Both families basically lived in their own little fantasy worlds where they believed themselves to be normal. The Munsters had a reason to do so. The Addamses , not so much, as they would have had the world kissing their wealthy asses regardless.
Carolyn Jones was jaw-dropping hot. So was Yvonne DeCarlo.
The Munsters had a way cool hot-rod they could probably barely afford. The Addamses, who could have afforded any even cooler car, did not.
I give it to The Munsters.

Definitely the Addams Family, for a number of reasons. For one, I always loved how darned nice they were to everyone. To me, they treated other members of their family the way family should treat one another.

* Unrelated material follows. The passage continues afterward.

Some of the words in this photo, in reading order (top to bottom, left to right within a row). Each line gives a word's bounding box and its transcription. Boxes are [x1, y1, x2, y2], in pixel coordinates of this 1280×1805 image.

For another thing, Morticia and Gomez had a clearly sexual relationship. Re-watching some of the old episodes, I’m a bit surprised by how much innuendo they got away with! As a kid, I didn’t recognize the innuendo, but I thought it was very cool that a married couple was so romantic!

The Munsters, to me, seemed like a grab at cashing in on the popularity of the Addams Family.

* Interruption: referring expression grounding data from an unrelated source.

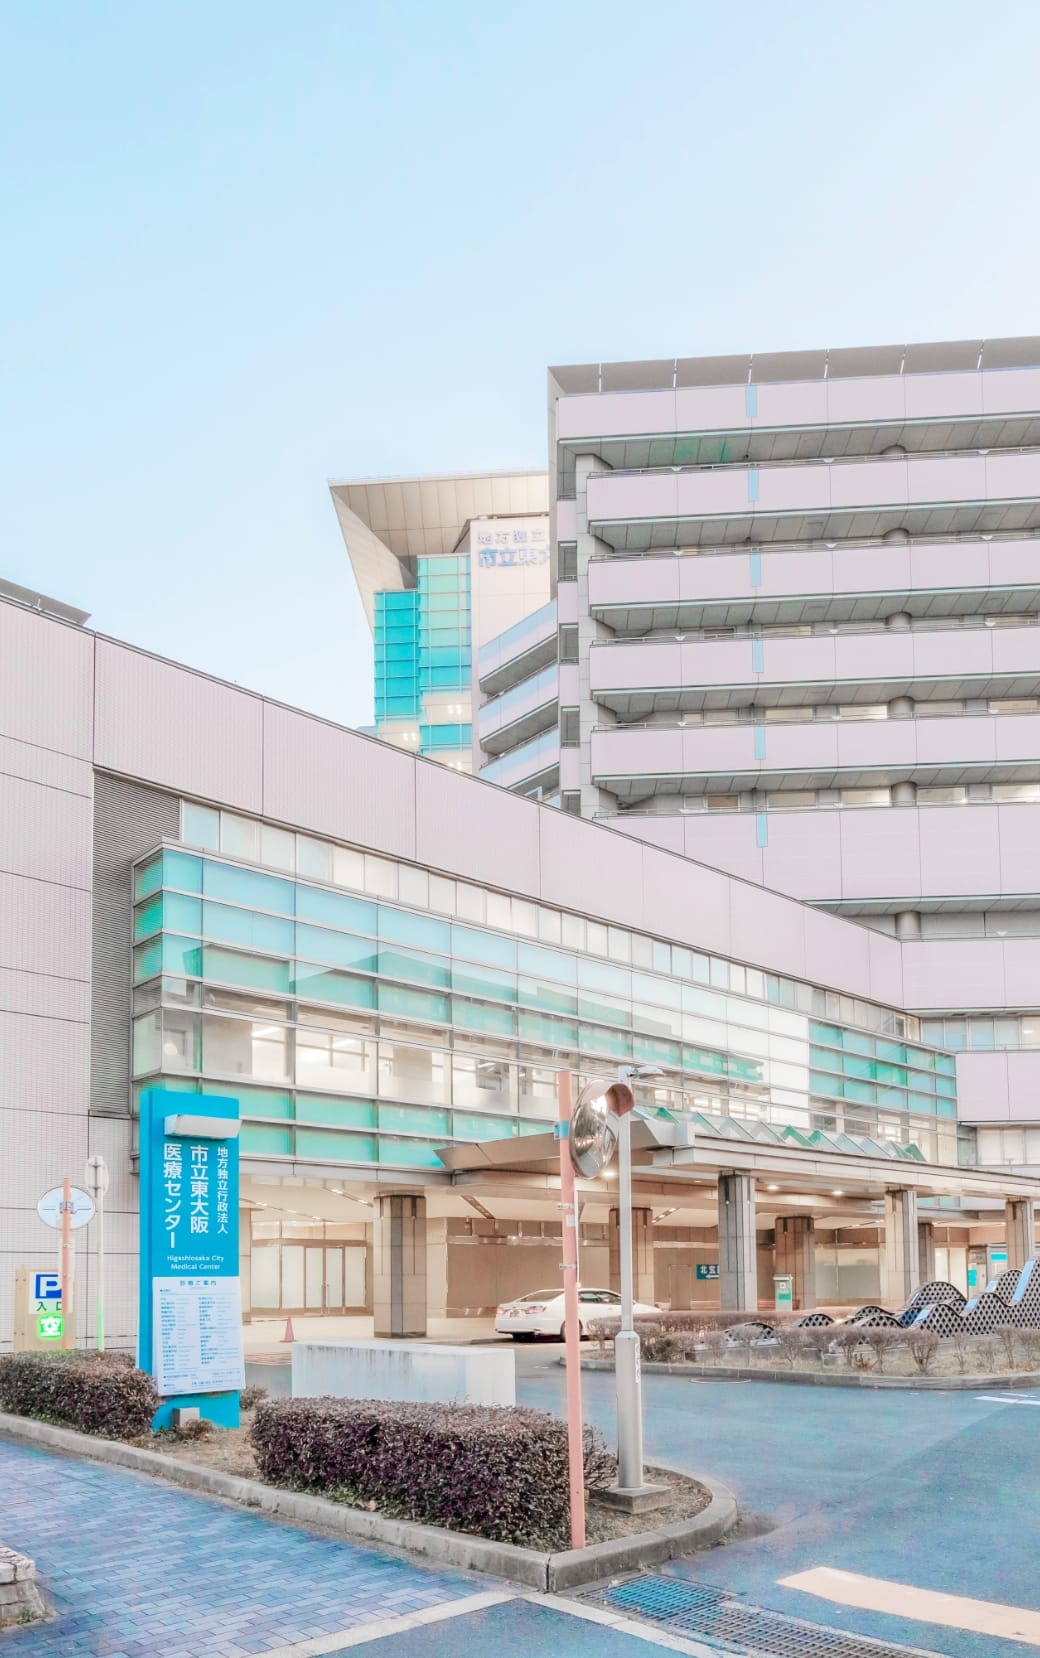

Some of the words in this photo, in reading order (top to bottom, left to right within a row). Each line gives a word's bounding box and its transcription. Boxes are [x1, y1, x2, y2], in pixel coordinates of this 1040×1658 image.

[163, 1143, 182, 1249] 医療センター
[190, 1145, 209, 1234] 市立東大阪
[217, 1146, 229, 1234] 地方独立行政法人
[167, 1255, 210, 1263] Higashiosaka
[211, 1255, 225, 1263] City
[36, 1301, 62, 1311] 入口
[39, 1276, 62, 1297] P

Addams Family in a landslide. Kitty Cat alone would put them over the top. Bonus points for the train set.

The Munsters were dreary and ordinary by comparison.

Adams Family. Morticia speakng French. Father and Son activity of launching the model rocket inside the house. :slight_smile:

Definitely the Addams’. Even as a child, I knew the show was better.

Put me in the Addams Family camp.

Addams Family > Munsters.

HOWEVER…

Spot > Kitty Cat.

The Munsters were locked into two cannons - the old Universal Studios’ monster movies and the Dumb but Lovable Sitcom Dad (which, even back then was ripe for subversion, but which they were satisfied to do so only by having their characters from the first cannon)

The Addams had a wider frame of reference, including late 19th C. Gothic, Poe, and French Surrealism.

But all in all, I’m going with the Sopranos - instead of a decaying old mansion, they lived in an even creepier McMansion, the dad was still Dumb but Lovable, and they had an even more cheerful attitude towards cruelty than the Addams.

Addams Family, hand down. Also, the Addamses had better movies. MUCH better movies.*
*Note, please, that Addams Family Reunion is right beside Highlander 2 on the “Never Happened” shelf…

Addams Family by a landslide. I agree that the Munsters was basically a boring traditional sitcom with lots of makeup. The Addamses not only looked funny, a bit, they reveled in being different. Plus the writing was much better.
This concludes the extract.